You've been to the doctor. Maybe several. Your bloodwork came back "normal." Your spouse sleeps in the same bedroom and feels fine. Your coworkers share the same office air and nobody else is complaining.

So it must be stress. Or anxiety. Or maybe you're just not sleeping well.

But here's the thing nobody told you: the reason nobody else is sick is the same reason you are. That's not a contradiction. It's genetics.

"My life would likely have been quite different the past 8 years had MoldCo been around when I found mold in my house in 2017. It's been a journey even talking publicly about mold illness since it sounds like quackery. Getting help has been even harder. Most doctors downplay the impact of mold." — MoldCo patient

The 24/76 split

About 24% of the population carries variants of the HLA-DR gene (Human Leukocyte Antigen) that limit the body's ability to clear biotoxins. When you breathe in the mix of spores and fragments of mold, bacteria, and actinomycetes plus the volatile compounds found in water-damaged buildings, your liver is supposed to bind them to bile and flush them out. For 76% of people, that system works. They breathe the same air you do and their bodies handle it without a second thought.

If you're in the other 24%, those biotoxins recirculate. Your innate immune system creates an inflammatory response and then can't shut it off, because it never recognizes that the threat has been handled. Same building. Same air. Completely different outcomes.

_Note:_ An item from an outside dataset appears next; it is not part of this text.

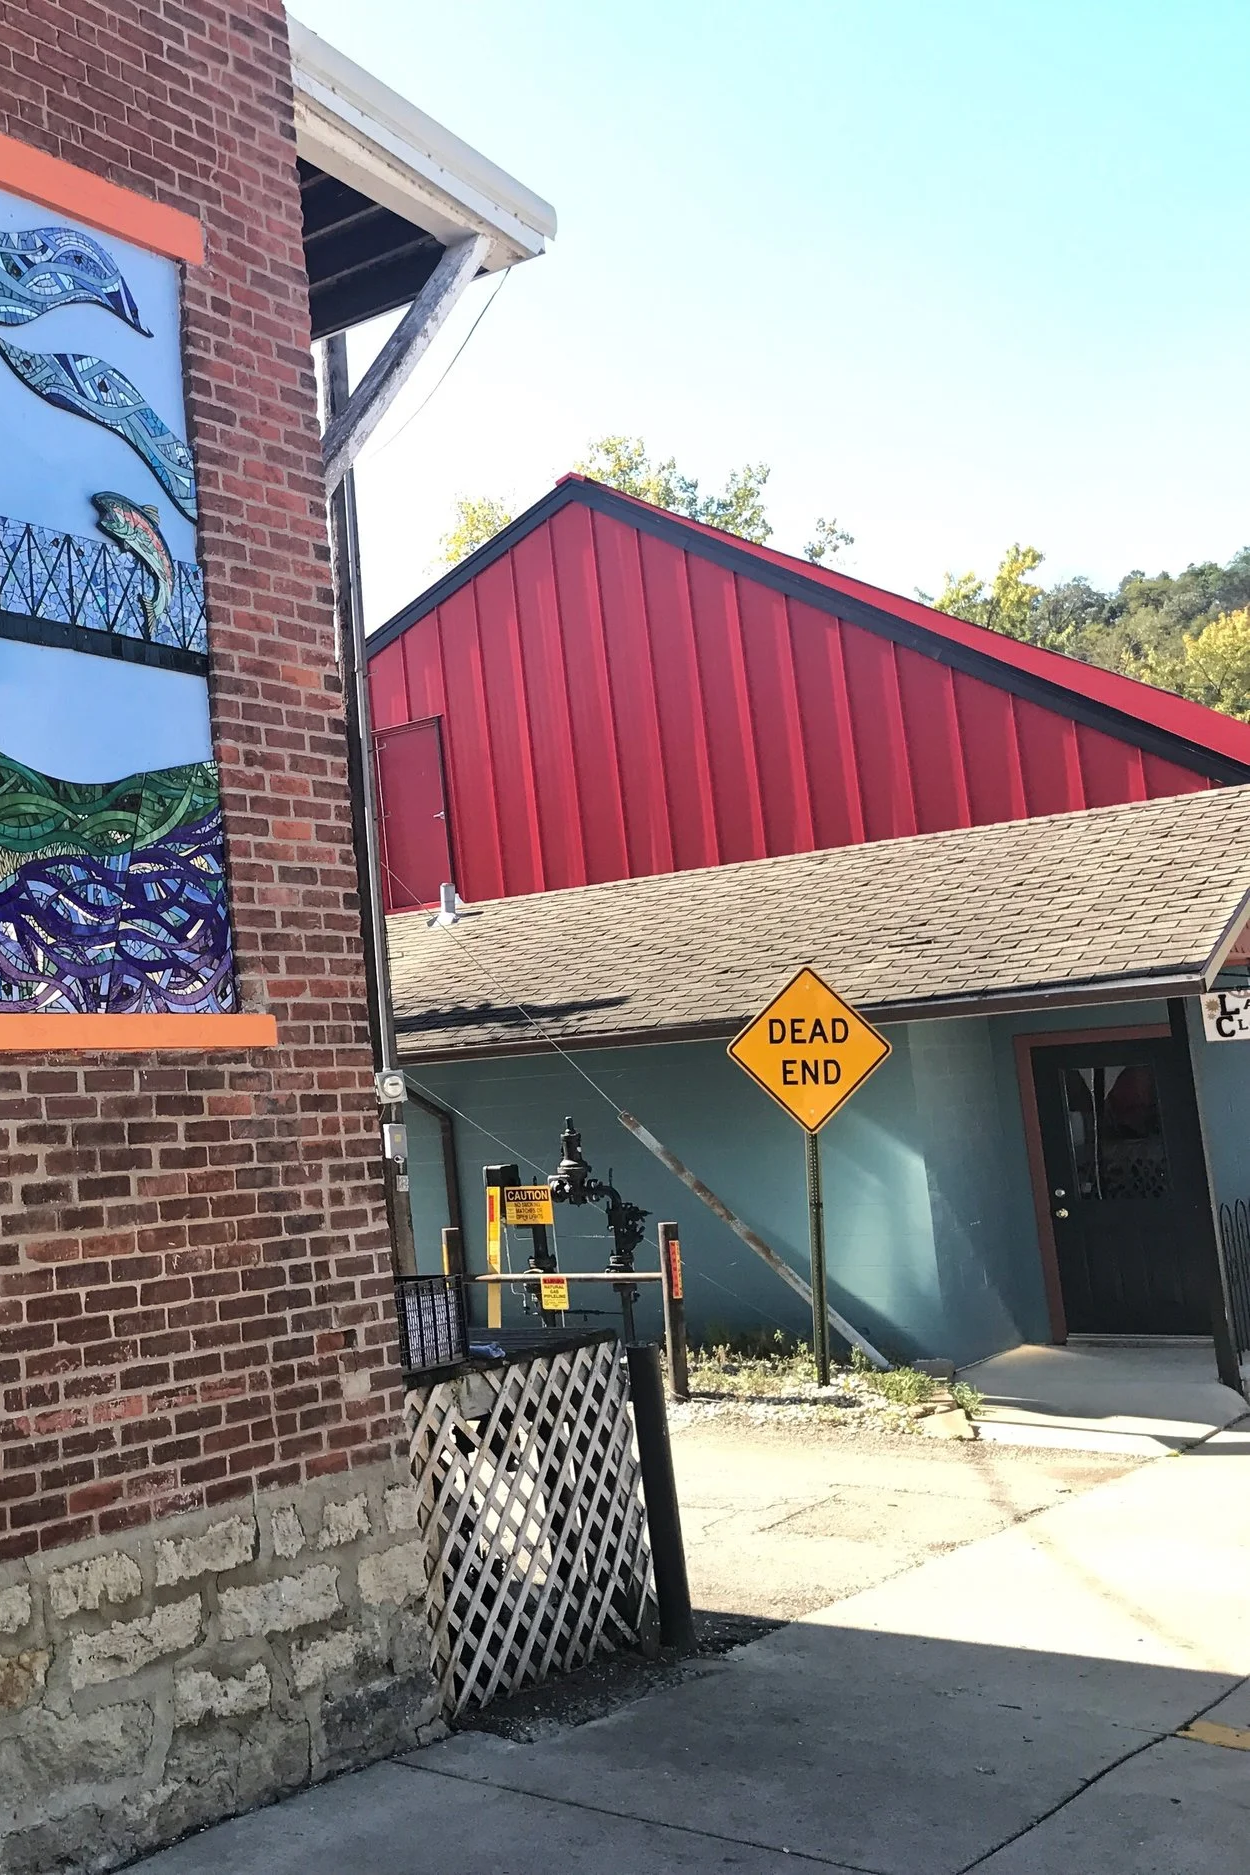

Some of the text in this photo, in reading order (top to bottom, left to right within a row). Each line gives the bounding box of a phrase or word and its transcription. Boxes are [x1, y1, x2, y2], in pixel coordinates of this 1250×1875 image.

[768, 1018, 849, 1044] DEAD
[781, 1060, 841, 1085] END
[507, 1190, 548, 1200] CAUTION

The medical name for this is Chronic Inflammatory Response Syndrome, or CIRS. A 2024 literature review in Annals of Medicine & Surgery defines it as innate immune dysregulation following respiratory exposure to water-damaged buildings. And the very thing that makes you feel dismissed ("but nobody else is sick") is actually the defining feature of the condition.

This isn't a mold allergy. Mold allergy is a different immune pathway entirely: an IgE-mediated reaction where your adaptive immune system overreacts to mold proteins with histamine. Antihistamines can help with that. They don't touch CIRS. With CIRS, the problem is your innate immune system stuck in a loop it can't break without targeted intervention.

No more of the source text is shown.